- What to produce
Exactly the lines from the one with "this 1333×1500 image." to the end of the entries should appear in your answer, retyped word for word.

- Information supplied
::::::

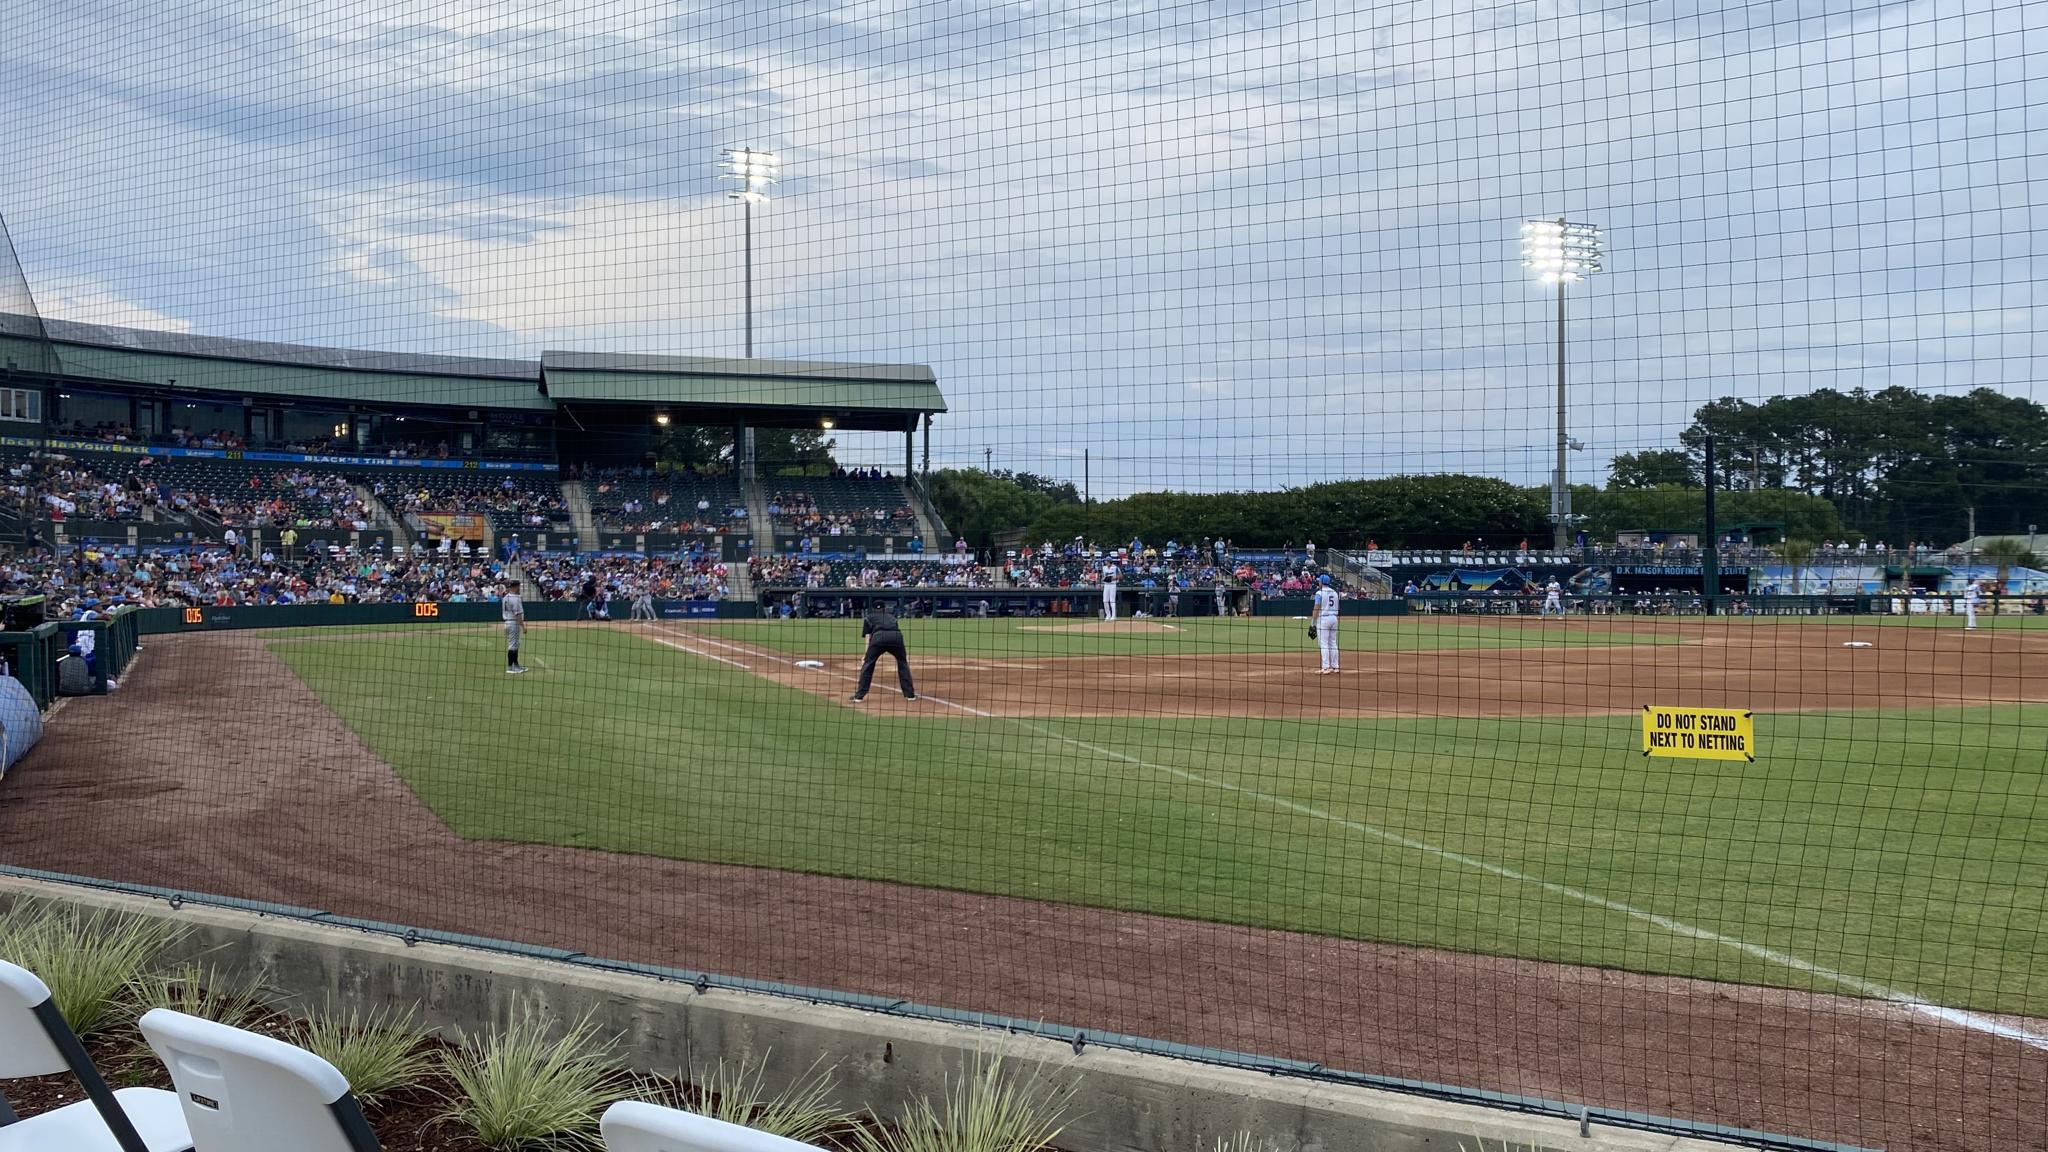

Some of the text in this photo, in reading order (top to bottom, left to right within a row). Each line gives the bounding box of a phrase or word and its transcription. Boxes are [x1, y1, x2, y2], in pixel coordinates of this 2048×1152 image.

[227, 451, 241, 459] 211
[304, 455, 359, 464] BLACK'S
[1635, 566, 1662, 575] MASON
[1664, 566, 1699, 575] ROOFING
[1724, 567, 1747, 575] SUITE
[1328, 596, 1335, 607] 5
[1657, 713, 1736, 731] DO NOT STAND
[1649, 732, 1744, 751] NEXT TO NETTING
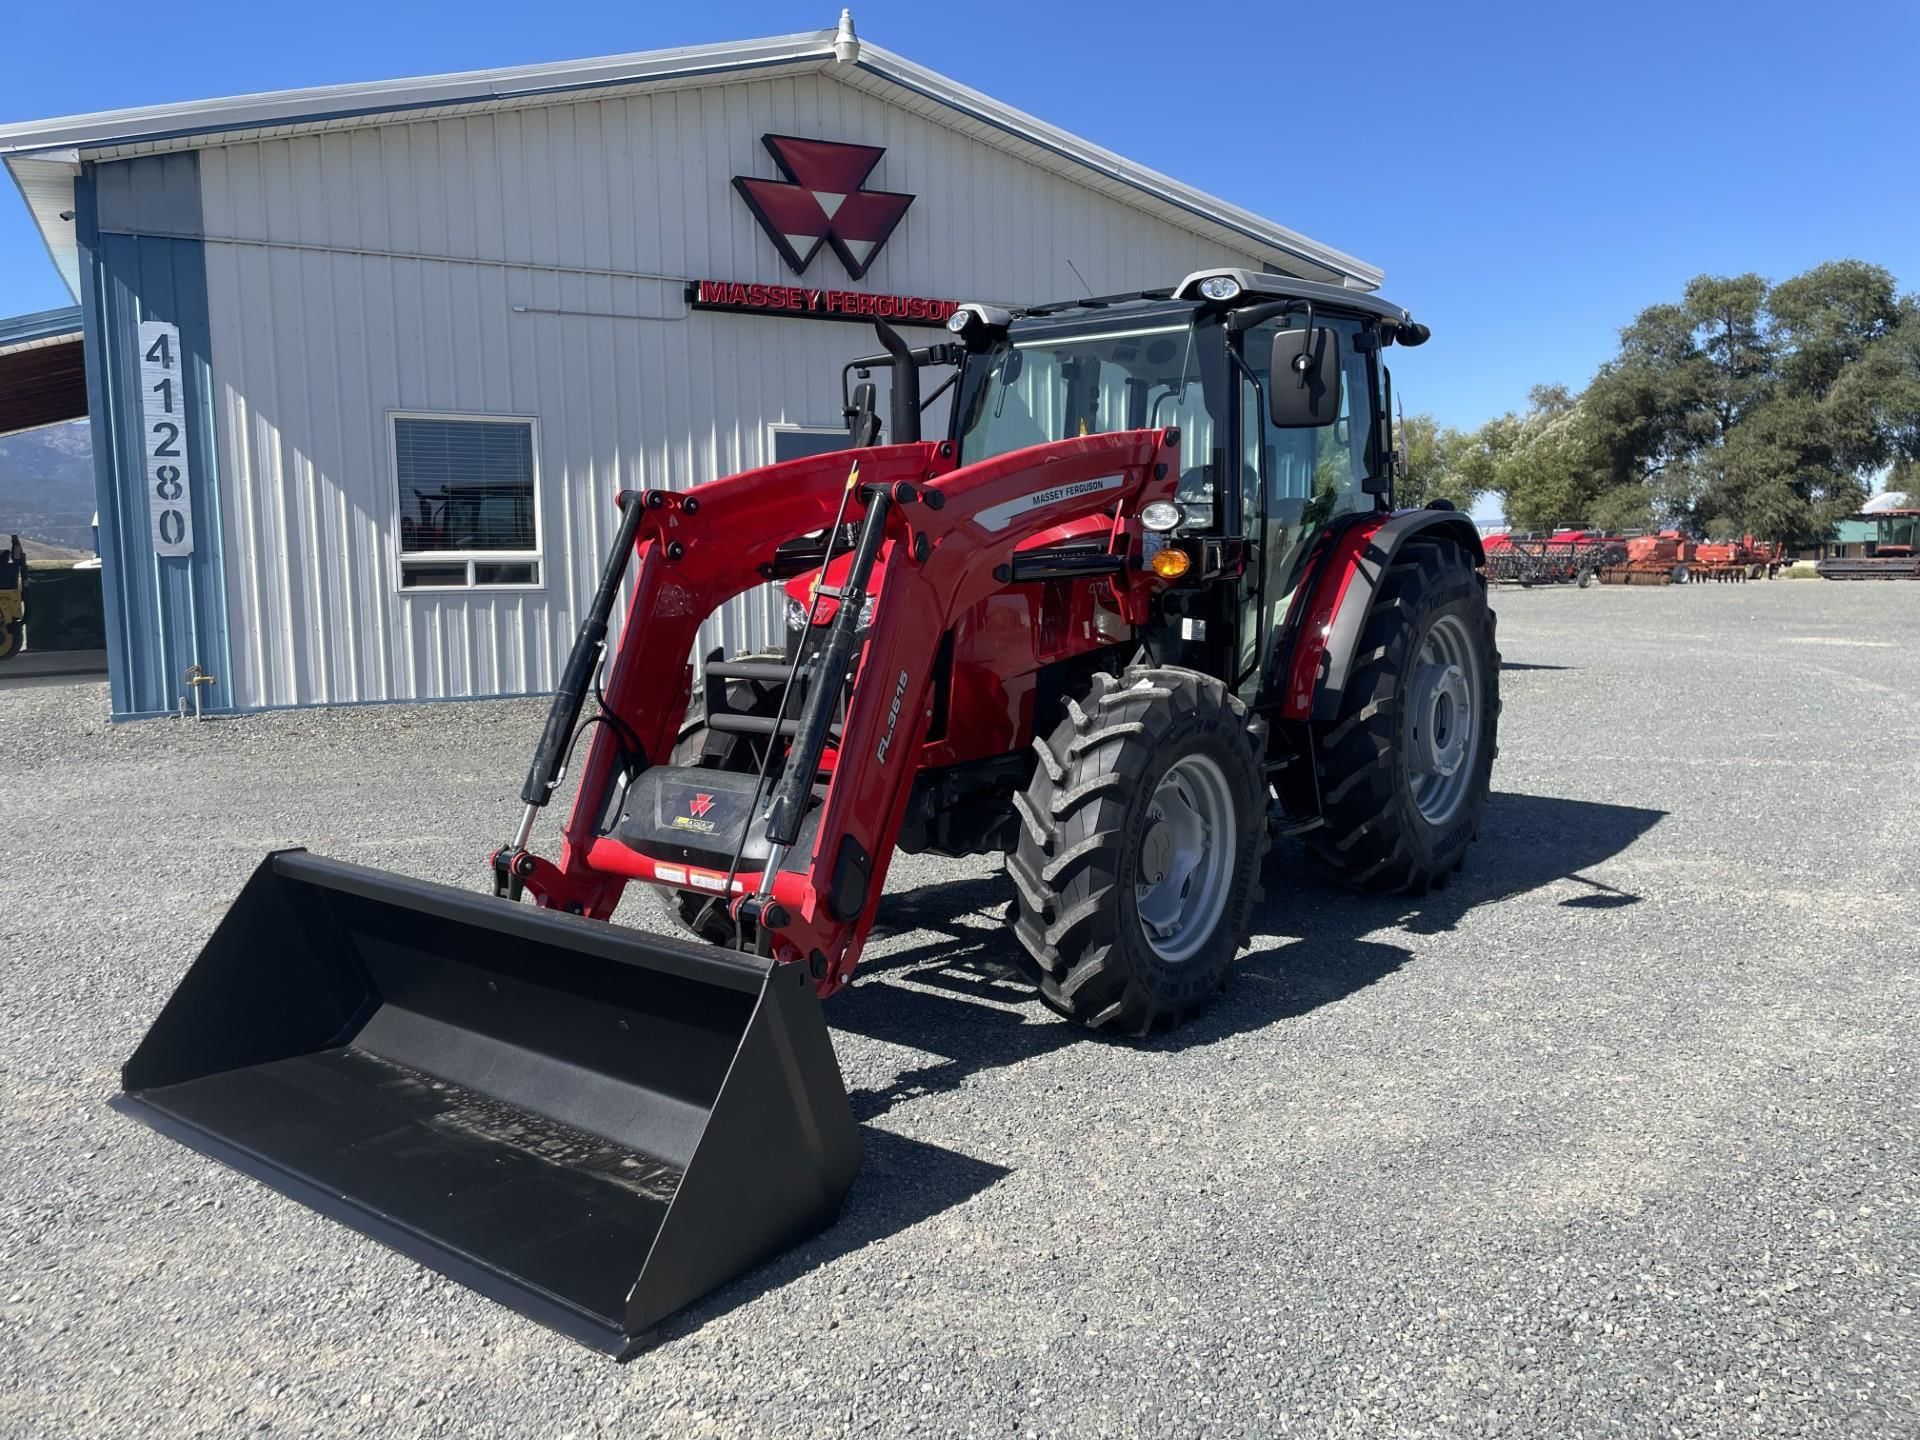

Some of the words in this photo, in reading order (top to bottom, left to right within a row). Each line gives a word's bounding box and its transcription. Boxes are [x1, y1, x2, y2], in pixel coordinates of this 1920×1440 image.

[700, 280, 820, 311] MASSEY
[826, 290, 960, 321] FERGUSON
[146, 333, 186, 545] 41280
[1032, 488, 1064, 506] MASSEY
[1065, 480, 1104, 497] FERGUSON
[1088, 580, 1111, 595] 471
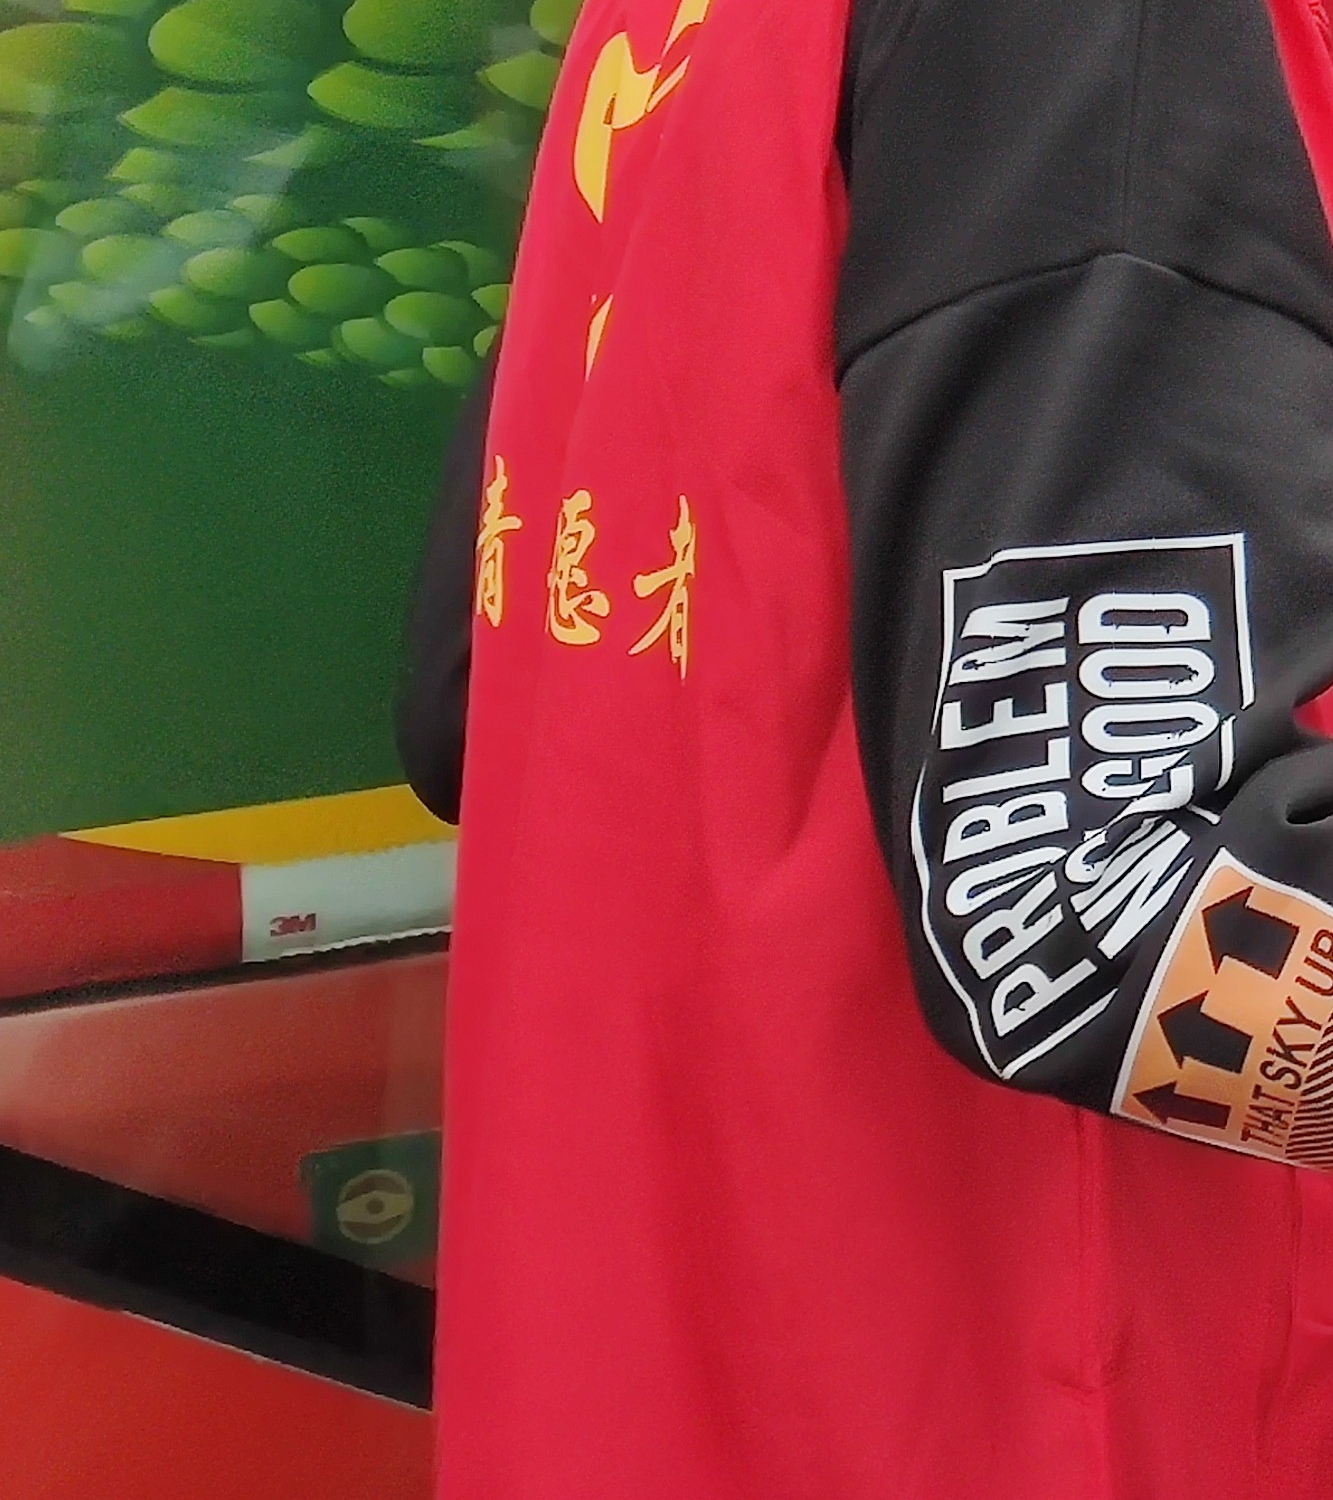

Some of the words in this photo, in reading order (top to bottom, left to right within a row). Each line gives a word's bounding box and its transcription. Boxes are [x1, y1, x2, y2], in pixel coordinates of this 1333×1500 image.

[1077, 592, 1221, 822] GOOD
[941, 596, 1098, 1037] PROBLEM
[269, 912, 317, 937] 3M
[1259, 995, 1323, 1090] SKY
[1240, 1083, 1296, 1148] THAT

::::::

- Result of this task
Some of the words in this photo, in reading order (top to bottom, left to right within a row). Each line gives a word's bounding box and its transcription. Boxes are [x1, y1, x2, y2], in pixel coordinates of this 1333×1500 image.

[1077, 592, 1221, 822] GOOD
[941, 596, 1098, 1037] PROBLEM
[269, 912, 317, 937] 3M
[1259, 995, 1323, 1090] SKY
[1240, 1083, 1296, 1148] THAT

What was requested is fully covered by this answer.